Pour un peu il aurait demandé qu’on le plaignît. Or des deux, le très à
plaindre, n’était-ce pas plutôt l’endeuillé à répétition dans sa douzième
année ?
    L’autre grand-père, il y avait longtemps qu’il n’était plus
dans la course, emporté par le chagrin après que la grande Aline, son épouse,
eut succombé à un symptôme rimbaldien, un problème de genou, mais le doux Juju
n’écoutait plus. Il se félicitait intérieurement que le père du jeune garçon
eût choisi les vacances de Noël pour disparaître, lui évitant ainsi une fameuse
corvée. Qu’il se rassure pourtant, là aussi le doute n’eût pas été permis.

 
    En redescendant de mon banc, comme je baissais la tête pour
cacher mes larmes à venir, sans doute emportées par le poids des verres, épais
et lourds, mes lunettes tombèrent. La chose s’était déjà souvent produite, et
les verres incassables, du moins présentés comme tels – ce qui de
fait constituait un progrès formidable dans la vie des myopes –, avaient
jusque là bien supporté les chocs. Avec cet inconvénient que, s’ils ne se
brisaient pas ils se rayaient facilement.
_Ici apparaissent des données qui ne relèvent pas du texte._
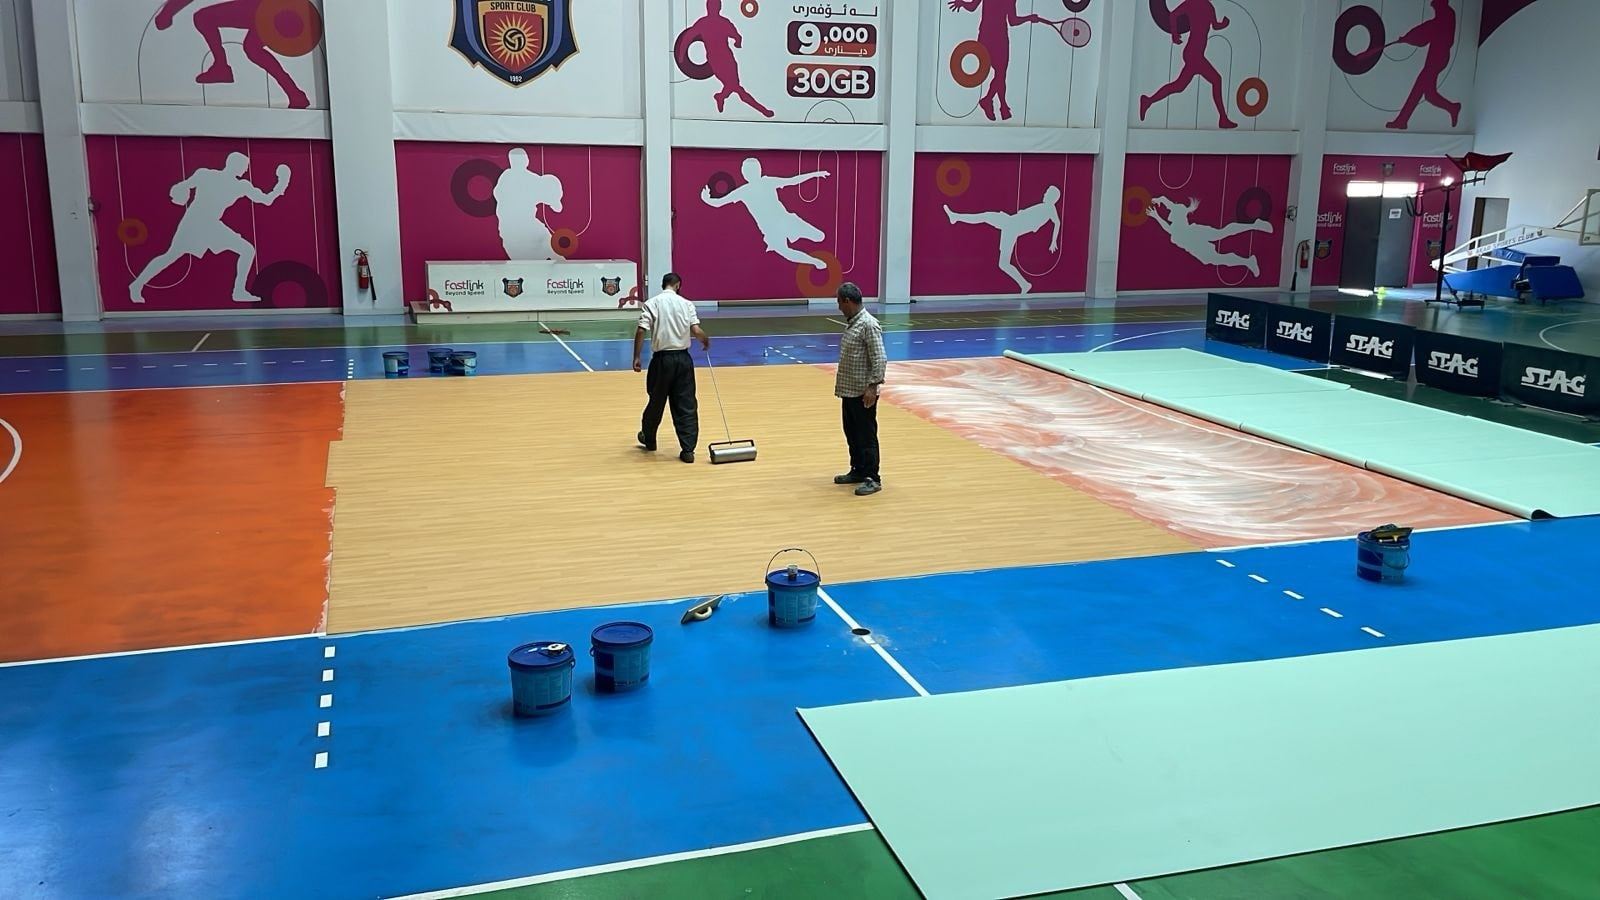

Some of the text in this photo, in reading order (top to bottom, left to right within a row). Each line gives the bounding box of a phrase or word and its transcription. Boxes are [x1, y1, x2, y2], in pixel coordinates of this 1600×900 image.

Vous évoluiez ainsi avec des sortes
de fils d’ange – les rayures – devant les yeux, que longtemps vous
tentiez de chasser d’un vain clignement de paupières, ou en essuyant sans cesse
vos verres à l’aide d’un mouchoir, ou, si vous étiez précautionneux, le genre à
conserver l’étui d’origine en dépit du fait qu’il ne sert plus à rien puisque
vous êtes tenu de garder vos lunettes en permanence sur le nez, en utilisant ce
rectangle de chamoisine, portant le nom et l’adresse de l’opticien et illustré
d’une paire de pince-nez, qui était le seul cadeau que vous valait votre
myopie.
    Mais incassables, pas vraiment, seulement par rapport aux
verres traditionnels. Disons plus résistants, mais avec des limites, si bien
que l’un des verres – lesquels n’étaient maintenus à la monture que
par un fil de Nylon inséré dans une fine rainure ménagée dans la
tranche – se brisa en prenant contact avec le sol carrelé,
s’émiettant en un semis de petits cristaux qui s’éparpillèrent sous les
pupitres.
    Tout événement imprévu était généralement le bienvenu. Le
temps que l’autocrate de service reprenne les choses en main, on s’autorisait
une certaine dissipation. Les voisins les plus proches du drame en profitèrent
donc pour jouer à quelque chose comme : il y a une inondation dans la
classe (ou une invasion de cafards), en décollant les pieds du sol, soulevant
leur cartable appuyé contre le pied du bureau, et refusant de s’intéresser au
cours tant qu’ils vivaient sous la menace de ce péril de verre. Le terrible
Fraslin, qui avait cru un moment poursuivre en ignorant l’incident (ce qui se
voulait moins bienveillant que cruel – que pouvais-je faire à demi
aveuglé, sans la permission de manifester ?) fit semblant de se demander
qui était le responsable de cette pagaille (comme si j’avais grimpé de ma propre
initiative sur le banc), et après un simulacre de justice m’envoya chercher un
balai dans un placard de la classe voisine. Ce qui n’avait rien non plus de
réjouissant : affronter un tout aussi malveillant, ses demandes
d’explications, ses sarcasmes, ses prises à témoins, et au final son
sempiternel et désolant : au fait, il s’appelle reviens (quel drôle de nom
pour un balai).
    Avec lequel j’entrai penaudement dans la
classe – vous avez l’air de quoi, posez-le dans un coin, asseyez-vous
et regardez le plafond, vous balaierez pendant la récréation – comprenant
sur-le-champ que le despote avait profité de mon absence pour entamer un
exercice, ce qui signifiait, dans la mesure où j’avais raté le début et où il
était impossible de copier sur un camarade, un futur zéro assorti d’une
sanction. Où l’on voit que l’acharnement est un art.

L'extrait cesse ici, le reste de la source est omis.